Pseudomonas aeruginosa releases a wide array of toxins and tissue‐degrading enzymes. Production of these malicious virulence factors is controlled by interbacterial communication in a process known as quorum sensing. An increasing body of evidence reveals that the bacterial signal molecule N ‐(3‐oxododecanoyl)‐ l ‐homoserine lactone (OdDHL) exhibits both quorum‐sensing signalling and immune‐modulating properties. Recently, yet another quorum‐sensing signal molecule, the Pseudomonas quinolone signal (PQS), has been shown to affect cytokine release by mitogen‐stimulated human T cells. In the present article we demonstrate that both OdDHL and PQS decrease the production of interleukin‐12 (IL‐12) by Escherichia coli lipopolysaccharide‐stimulated bone marrow‐derived dendritic cells (BM‐DCs) without altering their IL‐10 release.

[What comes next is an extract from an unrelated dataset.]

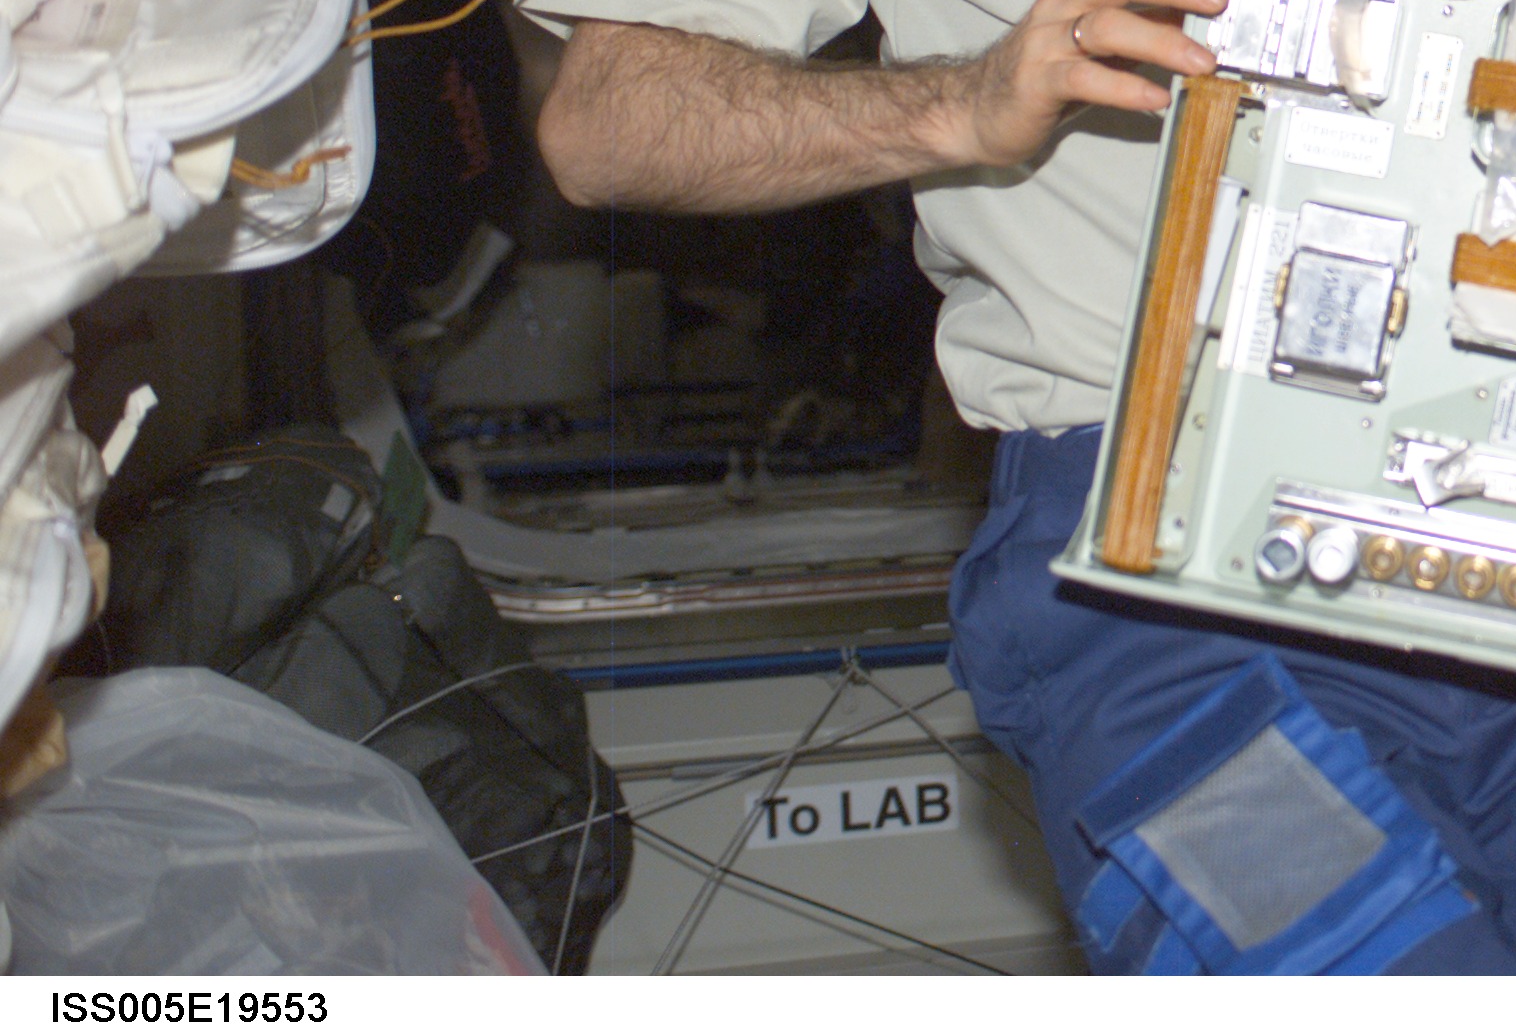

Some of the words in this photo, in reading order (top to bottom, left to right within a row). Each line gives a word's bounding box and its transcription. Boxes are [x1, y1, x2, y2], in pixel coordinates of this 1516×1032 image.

[1246, 268, 1279, 363] ЦИАТИМ
[1268, 218, 1290, 258] 221
[760, 796, 821, 840] To
[841, 782, 952, 833] LAB
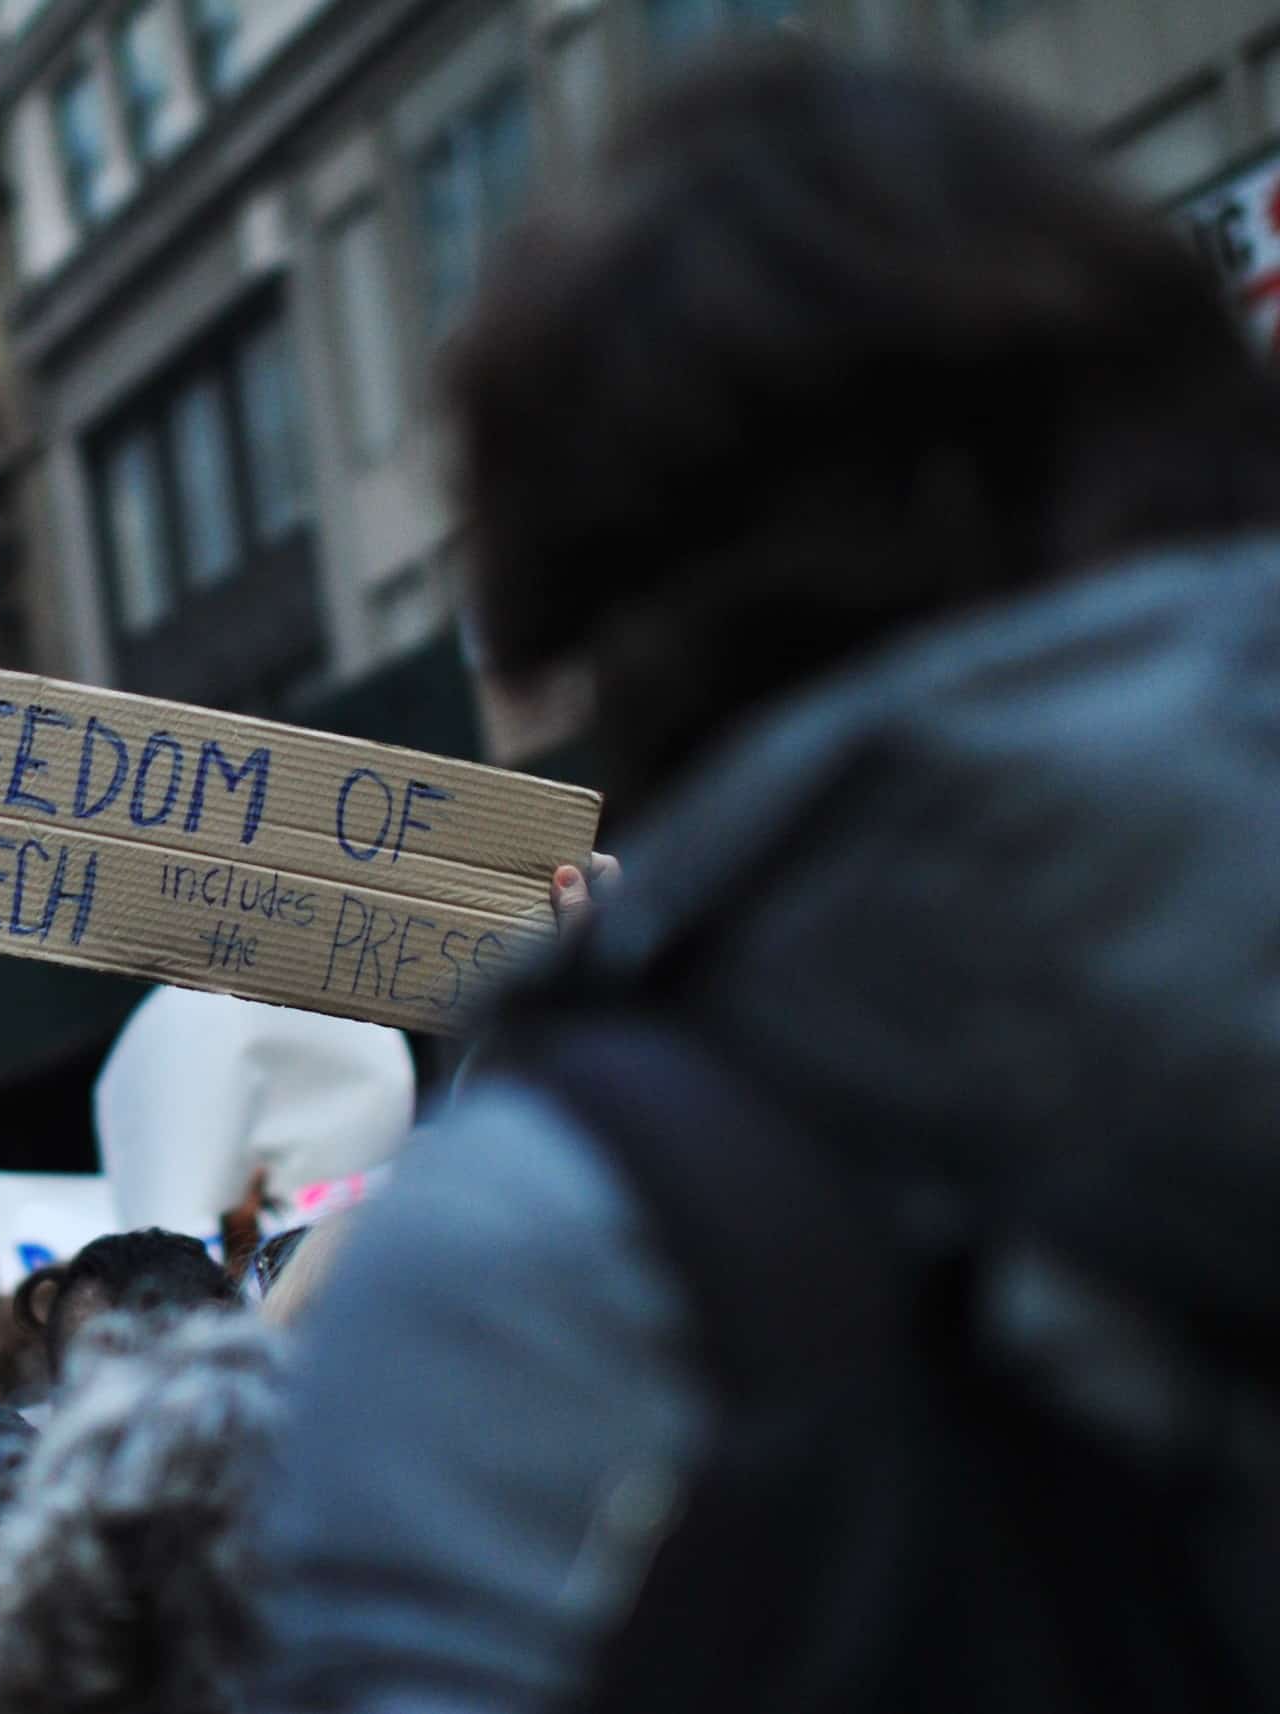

Moreover, BM‐DCs exposed to PQS and OdDHL during antigen stimulation exhibit a decreased ability to induce T‐cell proliferation in vitro . Collectively, this suggests that OdDHL and PQS change the maturation pattern of stimulated DCs away from a proinflammatory T‐helper type I directing response, thereby decreasing the antibacterial activity of the adaptive immune defence. OdDHL and PQS thus seem to possess dual activities in the infection process: as inducers of virulence factors as well as immune‐modulators facilitating the infective properties of this pathogen.